▶ [What you are asked to do] Where does the word "text" show up in the records? Copy every line that holds it.

---------- Data supplied

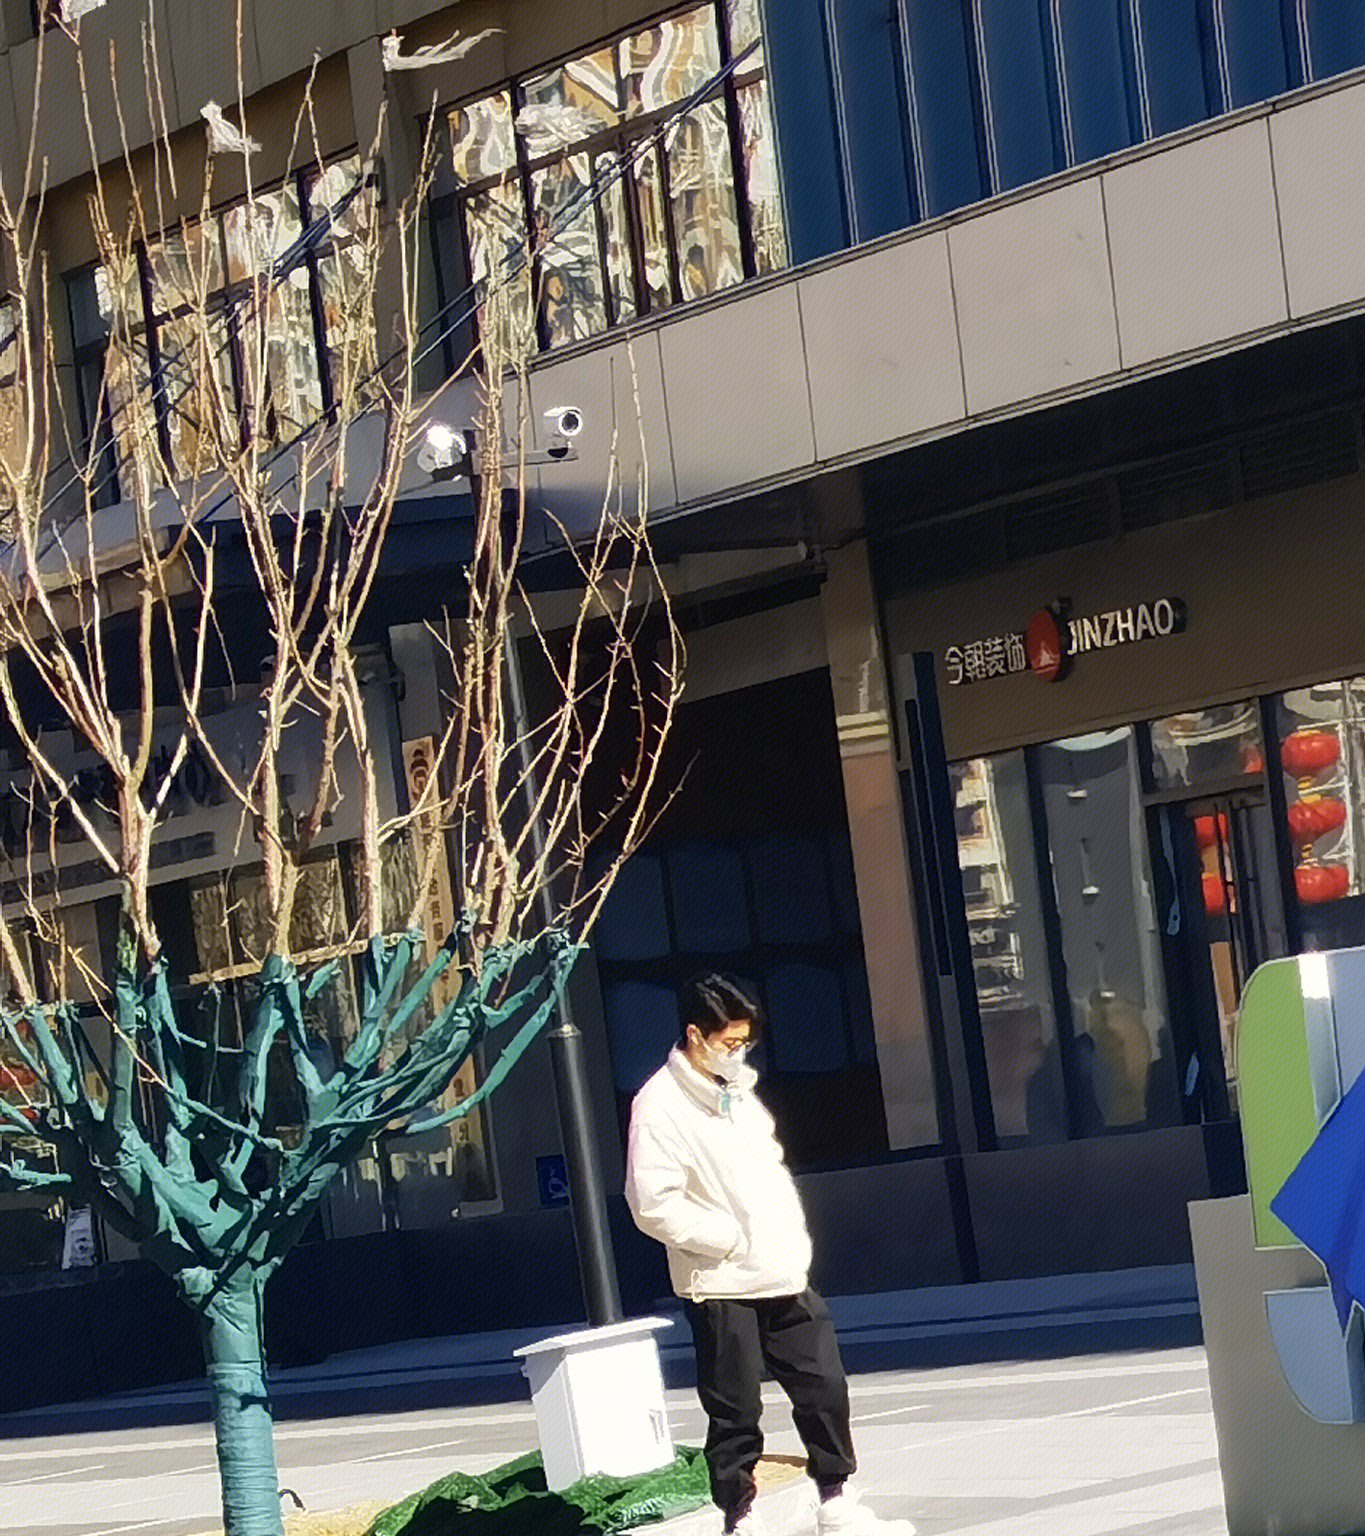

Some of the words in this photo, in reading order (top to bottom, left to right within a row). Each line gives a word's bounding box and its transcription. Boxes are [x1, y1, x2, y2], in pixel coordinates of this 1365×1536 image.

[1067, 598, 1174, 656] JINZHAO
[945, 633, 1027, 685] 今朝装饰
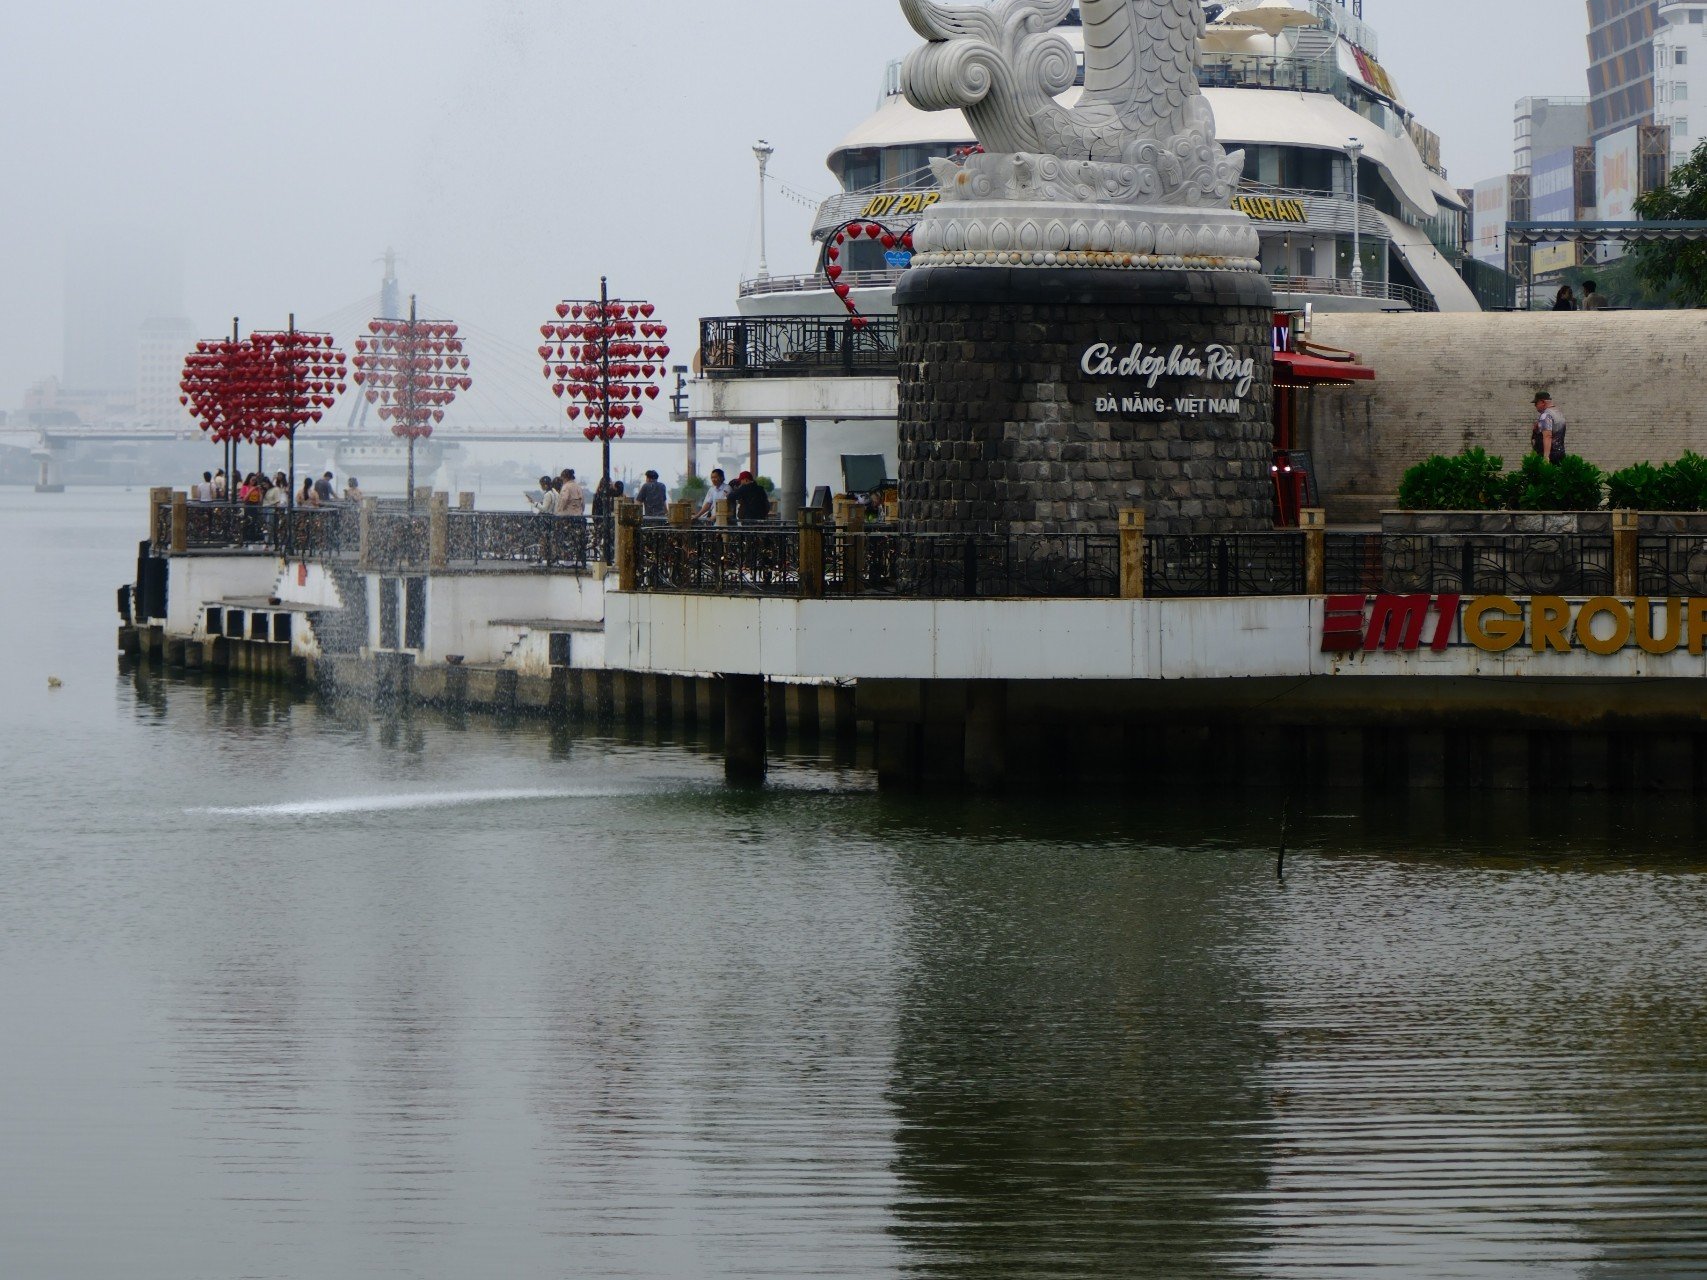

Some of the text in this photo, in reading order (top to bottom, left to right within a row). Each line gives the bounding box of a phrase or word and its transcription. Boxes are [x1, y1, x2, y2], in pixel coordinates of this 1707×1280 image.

--------------------
---------- Data supplied

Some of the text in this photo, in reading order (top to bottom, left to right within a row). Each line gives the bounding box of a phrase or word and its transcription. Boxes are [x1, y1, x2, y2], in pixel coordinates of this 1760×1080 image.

--------------------

▶ [Expected answer]
Some of the text in this photo, in reading order (top to bottom, left to right within a row). Each line gives the bounding box of a phrase or word and its transcription. Boxes are [x1, y1, x2, y2], in pixel coordinates of this 1707×1280 image.
Some of the text in this photo, in reading order (top to bottom, left to right within a row). Each line gives the bounding box of a phrase or word and its transcription. Boxes are [x1, y1, x2, y2], in pixel coordinates of this 1760×1080 image.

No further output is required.